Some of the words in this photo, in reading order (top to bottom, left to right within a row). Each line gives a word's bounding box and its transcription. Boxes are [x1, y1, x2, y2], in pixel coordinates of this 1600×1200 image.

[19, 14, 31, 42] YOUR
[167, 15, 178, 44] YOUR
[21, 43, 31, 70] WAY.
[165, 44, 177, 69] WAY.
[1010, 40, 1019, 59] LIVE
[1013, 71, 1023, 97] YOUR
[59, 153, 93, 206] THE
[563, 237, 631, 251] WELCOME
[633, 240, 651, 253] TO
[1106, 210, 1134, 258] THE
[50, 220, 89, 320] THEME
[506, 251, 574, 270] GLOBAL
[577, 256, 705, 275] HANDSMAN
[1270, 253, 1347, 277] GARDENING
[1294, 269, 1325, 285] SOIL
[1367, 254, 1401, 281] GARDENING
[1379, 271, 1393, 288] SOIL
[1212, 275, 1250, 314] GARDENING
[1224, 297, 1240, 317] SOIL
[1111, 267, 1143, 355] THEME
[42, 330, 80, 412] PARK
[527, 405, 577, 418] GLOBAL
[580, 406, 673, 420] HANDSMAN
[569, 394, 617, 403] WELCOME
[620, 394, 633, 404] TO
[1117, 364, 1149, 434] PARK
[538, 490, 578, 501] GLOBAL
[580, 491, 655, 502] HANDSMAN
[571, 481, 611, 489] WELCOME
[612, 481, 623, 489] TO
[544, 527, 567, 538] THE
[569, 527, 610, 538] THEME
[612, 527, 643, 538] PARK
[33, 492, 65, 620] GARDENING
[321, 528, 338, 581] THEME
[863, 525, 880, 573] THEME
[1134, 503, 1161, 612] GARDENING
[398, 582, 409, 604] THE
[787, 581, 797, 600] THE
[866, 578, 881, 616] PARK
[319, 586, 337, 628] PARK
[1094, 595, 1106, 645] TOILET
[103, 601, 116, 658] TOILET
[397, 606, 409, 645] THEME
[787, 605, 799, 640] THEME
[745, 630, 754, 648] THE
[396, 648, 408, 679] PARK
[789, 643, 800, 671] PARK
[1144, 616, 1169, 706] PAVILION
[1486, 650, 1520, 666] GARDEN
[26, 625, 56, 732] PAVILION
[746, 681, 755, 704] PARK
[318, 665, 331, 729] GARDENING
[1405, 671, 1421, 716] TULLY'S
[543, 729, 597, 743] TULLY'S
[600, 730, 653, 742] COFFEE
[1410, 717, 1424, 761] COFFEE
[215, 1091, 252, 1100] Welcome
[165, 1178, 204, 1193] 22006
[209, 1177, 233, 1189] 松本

---*---

• **Task objective**:
All the lines above must appear again in the answer, word for word.

• **Answer section**:
Some of the words in this photo, in reading order (top to bottom, left to right within a row). Each line gives a word's bounding box and its transcription. Boxes are [x1, y1, x2, y2], in pixel coordinates of this 1600×1200 image.

[19, 14, 31, 42] YOUR
[167, 15, 178, 44] YOUR
[21, 43, 31, 70] WAY.
[165, 44, 177, 69] WAY.
[1010, 40, 1019, 59] LIVE
[1013, 71, 1023, 97] YOUR
[59, 153, 93, 206] THE
[563, 237, 631, 251] WELCOME
[633, 240, 651, 253] TO
[1106, 210, 1134, 258] THE
[50, 220, 89, 320] THEME
[506, 251, 574, 270] GLOBAL
[577, 256, 705, 275] HANDSMAN
[1270, 253, 1347, 277] GARDENING
[1294, 269, 1325, 285] SOIL
[1367, 254, 1401, 281] GARDENING
[1379, 271, 1393, 288] SOIL
[1212, 275, 1250, 314] GARDENING
[1224, 297, 1240, 317] SOIL
[1111, 267, 1143, 355] THEME
[42, 330, 80, 412] PARK
[527, 405, 577, 418] GLOBAL
[580, 406, 673, 420] HANDSMAN
[569, 394, 617, 403] WELCOME
[620, 394, 633, 404] TO
[1117, 364, 1149, 434] PARK
[538, 490, 578, 501] GLOBAL
[580, 491, 655, 502] HANDSMAN
[571, 481, 611, 489] WELCOME
[612, 481, 623, 489] TO
[544, 527, 567, 538] THE
[569, 527, 610, 538] THEME
[612, 527, 643, 538] PARK
[33, 492, 65, 620] GARDENING
[321, 528, 338, 581] THEME
[863, 525, 880, 573] THEME
[1134, 503, 1161, 612] GARDENING
[398, 582, 409, 604] THE
[787, 581, 797, 600] THE
[866, 578, 881, 616] PARK
[319, 586, 337, 628] PARK
[1094, 595, 1106, 645] TOILET
[103, 601, 116, 658] TOILET
[397, 606, 409, 645] THEME
[787, 605, 799, 640] THEME
[745, 630, 754, 648] THE
[396, 648, 408, 679] PARK
[789, 643, 800, 671] PARK
[1144, 616, 1169, 706] PAVILION
[1486, 650, 1520, 666] GARDEN
[26, 625, 56, 732] PAVILION
[746, 681, 755, 704] PARK
[318, 665, 331, 729] GARDENING
[1405, 671, 1421, 716] TULLY'S
[543, 729, 597, 743] TULLY'S
[600, 730, 653, 742] COFFEE
[1410, 717, 1424, 761] COFFEE
[215, 1091, 252, 1100] Welcome
[165, 1178, 204, 1193] 22006
[209, 1177, 233, 1189] 松本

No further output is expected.